Joins Explained: Sort Merge Joins

This is the second article in the Joins Explained series. After looking into the nested loop join last time, the focus will be on the sort merge join this time.

Let’s continue to look at the example of a CD retailer used in the first article of the series. This time the store manager wants to reconcile the inventory. He has a list of all the albums that should be in the store. The manager decides to print the inventory list ordered by artist, since this is the way that the CDs are arranged in the shelves. Then he walks through the shop, collects all misplaced CDs and makes sure that all items are placed at the correct place according to the sorting criterion.

When he has arranged all CDs he picks up the inventory list, walks to the first shelf and compares the number of the first CD in stock to the number on his list. The second item on the list is the CD that is located just next to the first one. It must be that way, since the inventory list and the items in the shelves are ordered the same way. So the process is a simple comparison of the next item of the first set to the next item of the second set. He finishes when he reaches the end of his list.

Analysis

Both inputs must be sorted by the same criterion before the manager can start with the actual inventory. In case of the inventory list this is easy, because the list is already in the correct order. In case of the CDs in the store it is much harder, because he has to find all misplaced items and put them into the correct place.

There will be a delay before the first result can be provided, since the comparison can only start when all items are ordered.

Assuming that the sorting is done, each item will only be looked at once.

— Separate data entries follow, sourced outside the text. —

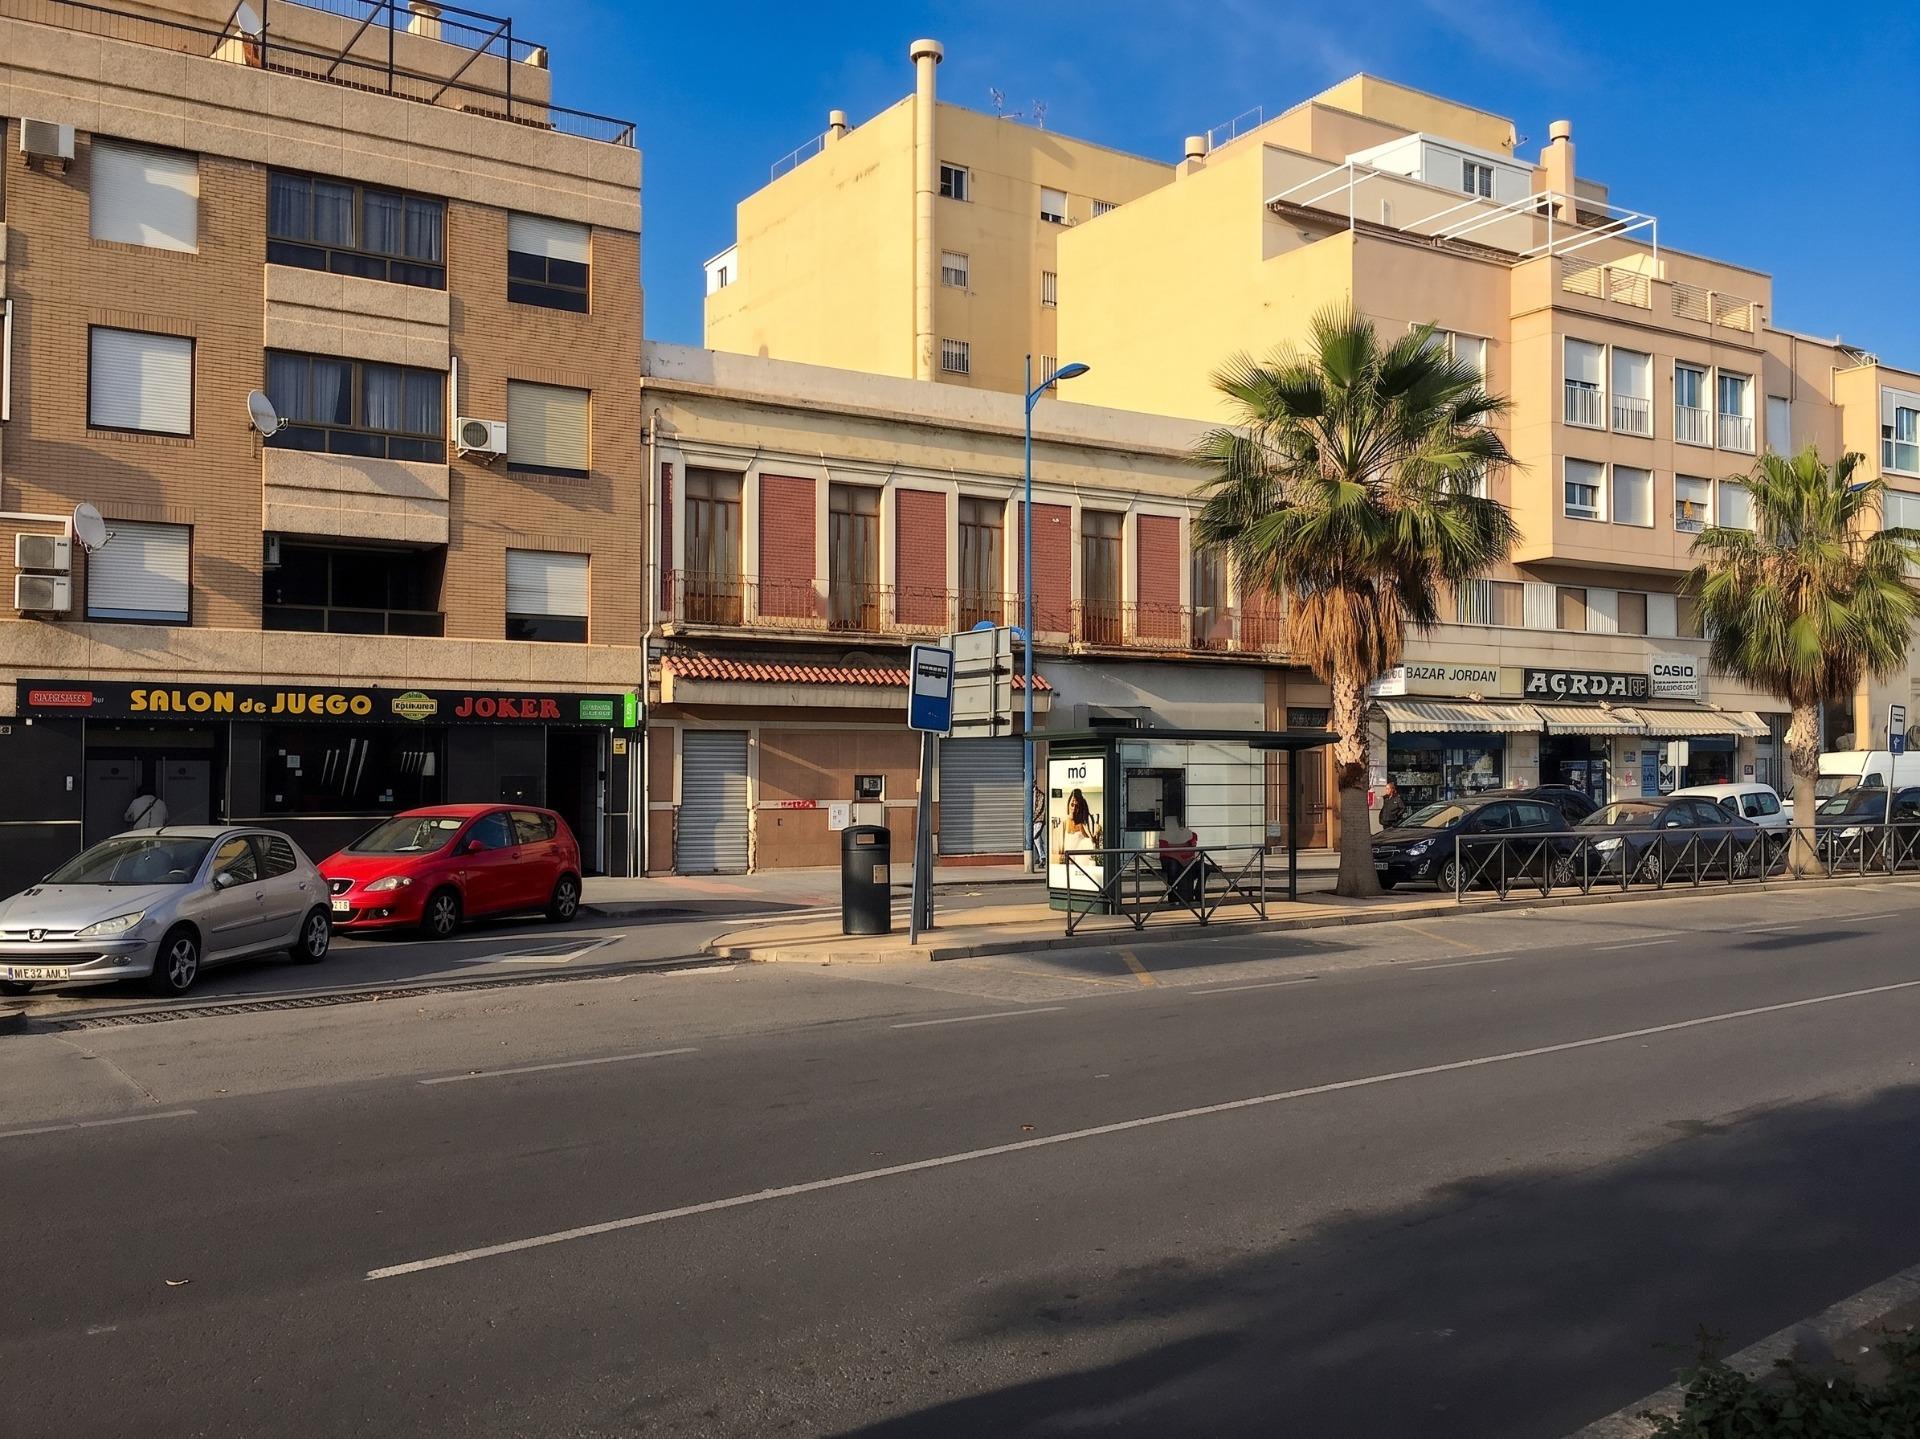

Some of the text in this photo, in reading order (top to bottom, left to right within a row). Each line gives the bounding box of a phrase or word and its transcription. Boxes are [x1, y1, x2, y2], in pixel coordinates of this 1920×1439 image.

[1406, 667, 1446, 680] BAZAR
[1449, 669, 1497, 682] JORDAN
[1653, 664, 1693, 677] CASIO
[1527, 672, 1627, 696] AGRDA
[130, 689, 372, 715] SALON de JUEGO
[455, 697, 561, 718] JOKER
[1067, 762, 1087, 779] mó

In general the output will be ordered the same way as the input when the job is done by one person. But it would be possible to split the job between different people and have each person work on one partition. In this case the first result would be delivered by the first person done and the output appears unordered.

Conclusion

Most of the resource consumption of the sort merge join is determined by the sorting of the two input sets. This makes it a good choice for small to medium data sets where the sort is reasonable fast and the output will be a significant part of the input.

The performance of the join starts to suffer when the sort operation has to use temporary space on disk to perform the sort. In this case it helps to increase the configuration setting work_mem.

The sorting is a cheap operation if the input is already sorted. In some cases the already sorted output may even save a sort operation in the following operation.

There is no designated driving set as both inputs are handled the same way during the join. So there is no need to have an index to support the join. On the other hand a missing index might be the reason why the planner won’t choose a nested loop to do the join.

The sort merge join is a candidate for parallel processing. This is currently not implemented in PostgreSQL but it might be a feature of a future version.